For this example, I'll use the same budget data previously read out of a CSV file in a single relational table that reflects the original flat structure of the files distributed by the Office of Management and Budget. Doubtless they have the data in their own relational databases, probably divided up into multiple tables; but they don't publish it that way. They do state, “If you plan to use these data in a relational database, you should designate the following fields as 'primary' to uniquely identify each row of data: agency code, bureau code, account code, subfunction code, BEA category, Grant/Nongrant, and On- Off-budget field.” The SQL CREATE TABLE statement that initializes this table is as follows:
CREATE TABLE BudgetAuthorizationTable ( AgencyCode CHAR(3), AgencyName VARCHAR(89), BureauCode CHAR(2), BureauName VARCHAR(89), AccountCode VARCHAR(6), AccountName VARCHAR(160), TreasuryAgencyCode CHAR(2), SubfunctionCode CHAR(3), SubfunctionTitle VARCHAR(72), BEACategory VARCHAR(13), On-Off-BudgetIndicator VARCHAR(10), FY1976 INTEGER, TransitionQuarter INTEGER, FY1977 INTEGER, FY1978 INTEGER, FY1979 INTEGER, FY1980 INTEGER, FY1981 INTEGER, FY1982 INTEGER, FY1983 INTEGER, FY1984 INTEGER, FY1985 INTEGER, FY1986 INTEGER, FY1987 INTEGER, FY1988 INTEGER, FY1989 INTEGER, FY1990 INTEGER, FY1991 INTEGER, FY1992 INTEGER, FY1993 INTEGER, FY1994 INTEGER, FY1995 INTEGER, FY1996 INTEGER, FY1997 INTEGER, FY1998 INTEGER, FY1999 INTEGER, FY2000 INTEGER, FY2001 INTEGER, FY2002 INTEGER, FY2003 INTEGER, FY2004 INTEGER, FY2005 INTEGER, FY2006 INTEGER, PRIMARY KEY (AgencyCode, BureauCode, AccountCode, SubfunctionCode, BEACategory, On-Off-BudgetIndicator) );
The specific database I chose for this example is Microsoft Excel, mostly because it could very easily read the CSV files with which I started. Excel isn't the best example of a relational database. In fact, it isn't a relational database at all. But Excel does allow you to define a range of cells as a table, and then associate that table with an ODBC data source. This data source can then be read with SQL using JDBC through the JdbcOdbcDriver, which is all I really want to show here. Aside from the choice of JDBC driver, all statements will be completely database independent. The name of the ODBC data source is budauth. The name of the table in that source is BudgetAuthorizationTable.
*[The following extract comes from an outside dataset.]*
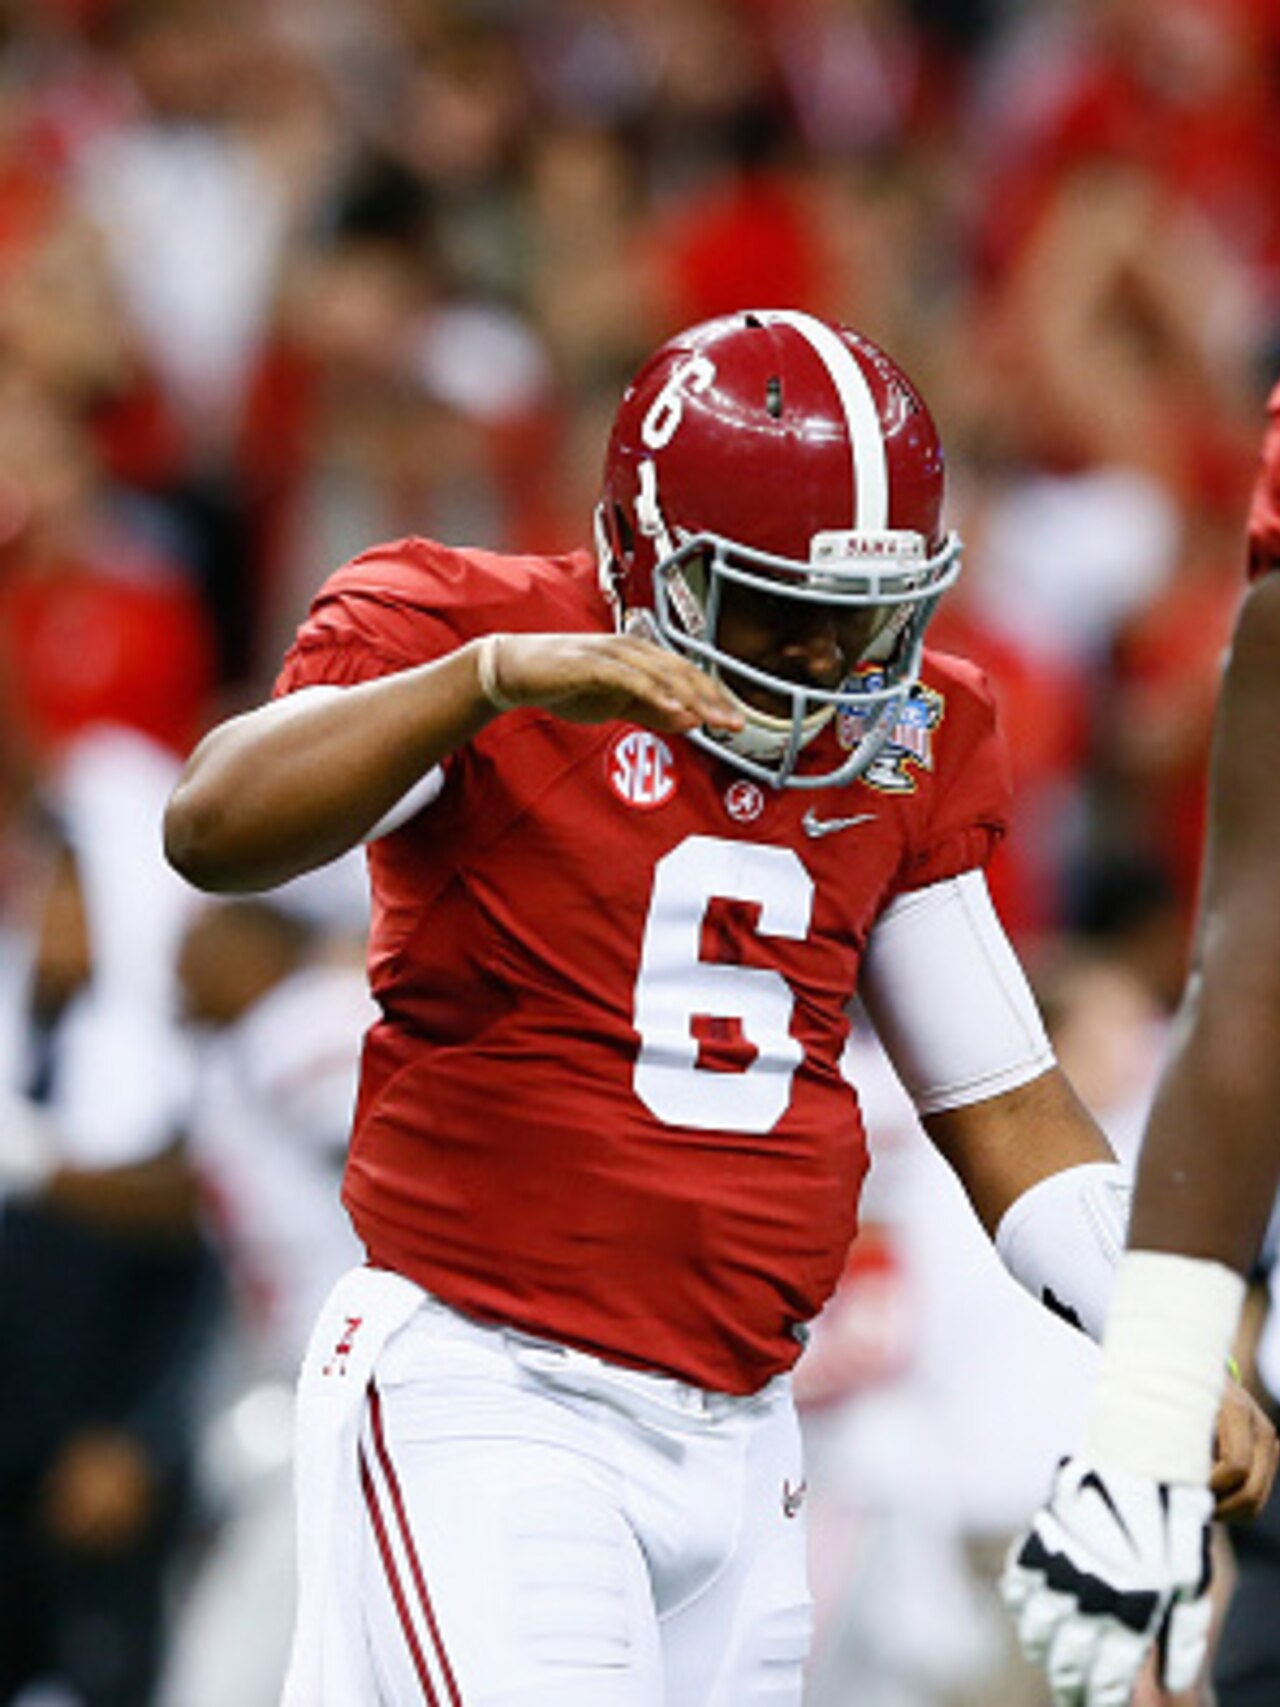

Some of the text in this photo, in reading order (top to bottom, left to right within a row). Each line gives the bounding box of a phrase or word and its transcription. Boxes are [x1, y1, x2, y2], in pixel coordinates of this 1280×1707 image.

[641, 356, 717, 450] 6
[611, 731, 674, 803] SEC
[632, 833, 815, 1134] 6
Extracting the necessary data from the database is just a matter of SQL, which as a Java developer, you access via JDBC. To some extent you can let the database do the hard work for you by executing the right sequence of SQL commands. In this case, this simply consists of a long sequence of nested SELECT statements. SQL 's DISTINCT operator will be particularly helpful. The contortions of the Muenchian method in Example 4.12 were a roundabout way of providing a distinct operation in XSLT. Example 4.14 demonstrates.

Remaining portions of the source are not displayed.